High expectations for Democrats in the popular vote, along with the widely circulated maps showing big swings toward Trump in virtually every county in the country, may have played a big role in setting those early narratives that Trump had notched an overwhelming win. Another was probably the media's repeated warnings before the election that it might take days to project a winner. While that very easily could have come to pass, we may have overemphasized the point. It was also always possible that a winner would be projected on election night, which is of course what happened.

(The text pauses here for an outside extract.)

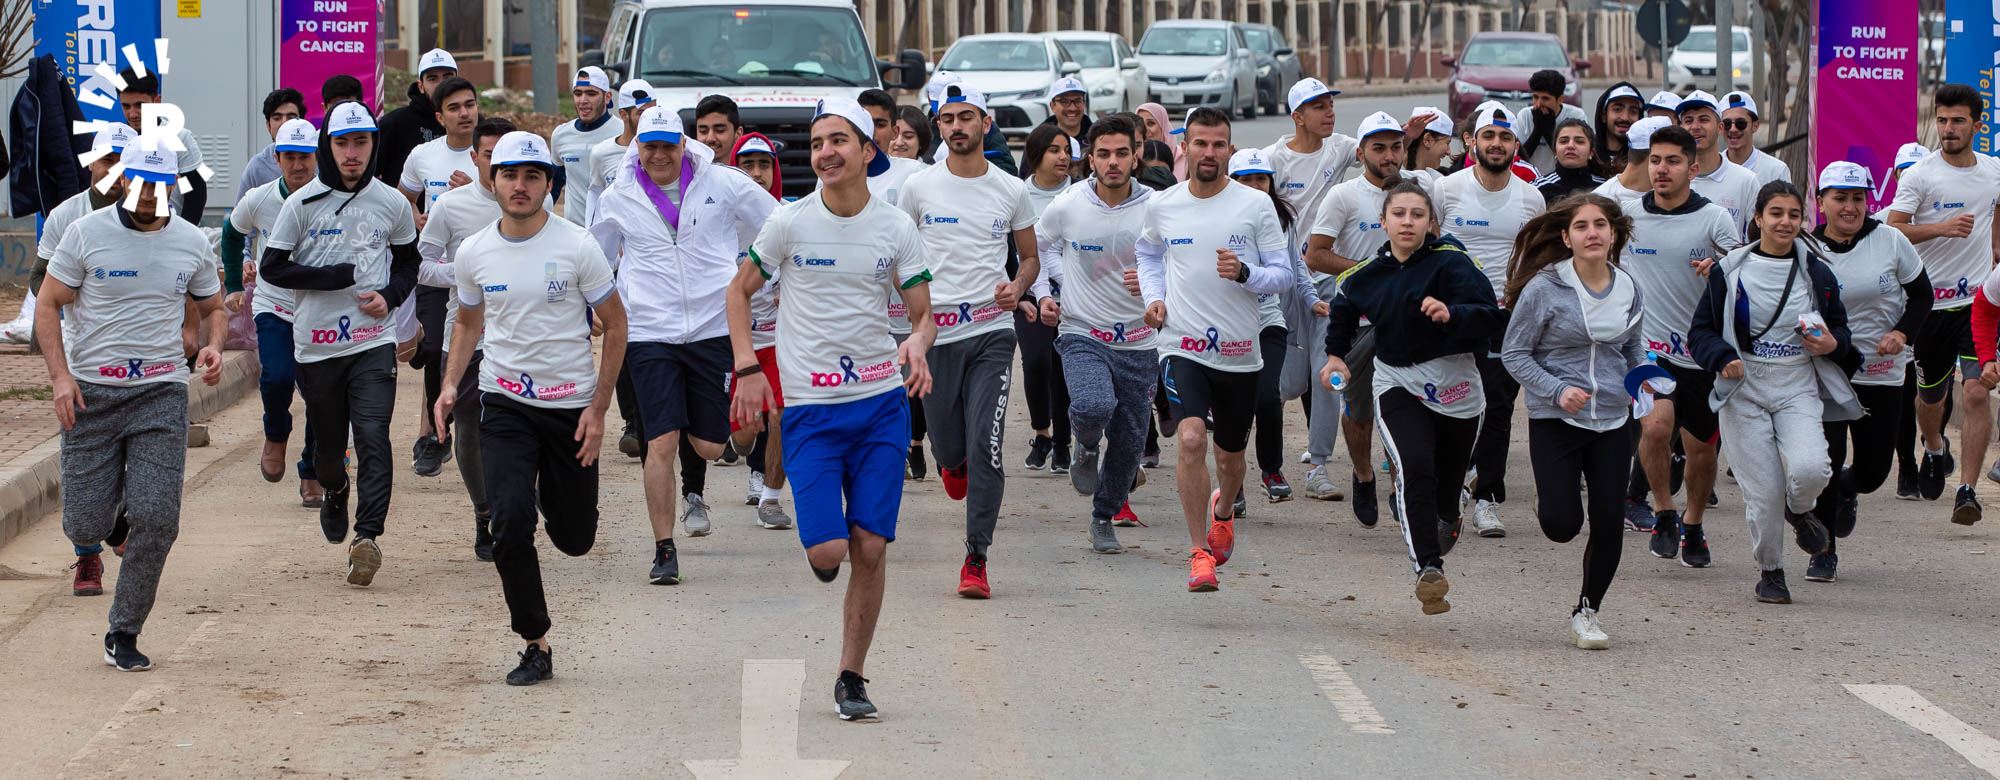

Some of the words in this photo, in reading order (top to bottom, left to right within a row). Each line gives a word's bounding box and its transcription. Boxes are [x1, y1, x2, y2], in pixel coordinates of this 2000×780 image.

After it took until the Saturday after Election Day for media outlets to project that Biden had won the 2020 election, the relatively early projection in 2024 (ABC News projected him as the winner at 5:31 a.m. Eastern on Wednesday) probably made Trump's win seem more decisive. But once again, that's recency bias at play. The 2024 election actually took longer to project than all but three presidential elections since 1976. Apart from the interminable 2000 (when the race came down to a recount in Florida that didn't end until Dec. 12) and 2020 elections, only 2004 kept us in more suspense.
All in all, the idea that Trump won an overwhelming victory in 2024 is less grounded in the data and more based on a sense of surprise relative to (perhaps miscalibrated) expectations.
Why perceptions of the 2024 election matter
The debate over the closeness of the 2024 election may seem academic — Trump won; who cares if it was a landslide or not? — but it could have a very real impact on the ambitiousness of Trump's second term. Boasting about the scope of his win, Trump claimed in his victory speech that "America has given us an unprecedented and powerful mandate" to govern — a narrative that caught on in the media and with many voters, too. In a mid-November poll from HarrisX/Harvard University, 71 percent of registered voters said that Trump had a mandate to govern, including 50 percent who said he had a "strong mandate."
Trump is just the latest in a long line of presidents-elect trying to convert electoral success into political capital to pass their agendas. There's just one problem: Political scientists who have studied the idea of presidential mandates generally agree that they're made up. It's basically impossible to ascertain what voters had in mind when they went to the ballot box and whether a candidate's win was an explicit endorsement for a specific policy or approach to governing.
And according to research by 538 contributor Julia Azari, a professor at Marquette University, there is no relationship between how often a president-elect claims a mandate and how big their victory was. In fact, Azari even found that presidents are more likely to claim mandates when they are in a politically weak position, as a sort of act of desperation to claim that their policies have public support.
But research has also found that, much like Tinker Bell, mandates can exist if enough people believe that they do. According to political scientists Lawrence Grossback, David Peterson and James Stimson, when there is a media consensus that an election carries a mandate, Congress responds by passing major legislation. Azari and Peterson have further found that politicians themselves, like Trump, can push Congress to action as well, simply by insisting that they have a mandate. And per Azari, when a president-elect insists that he has a mandate, it is often accompanied by major expansions of presidential power.
In other words, regardless of how close the 2024 election was in reality, Trump's claims to a mandate suggest that Republicans are planning to govern like they won in a landslide.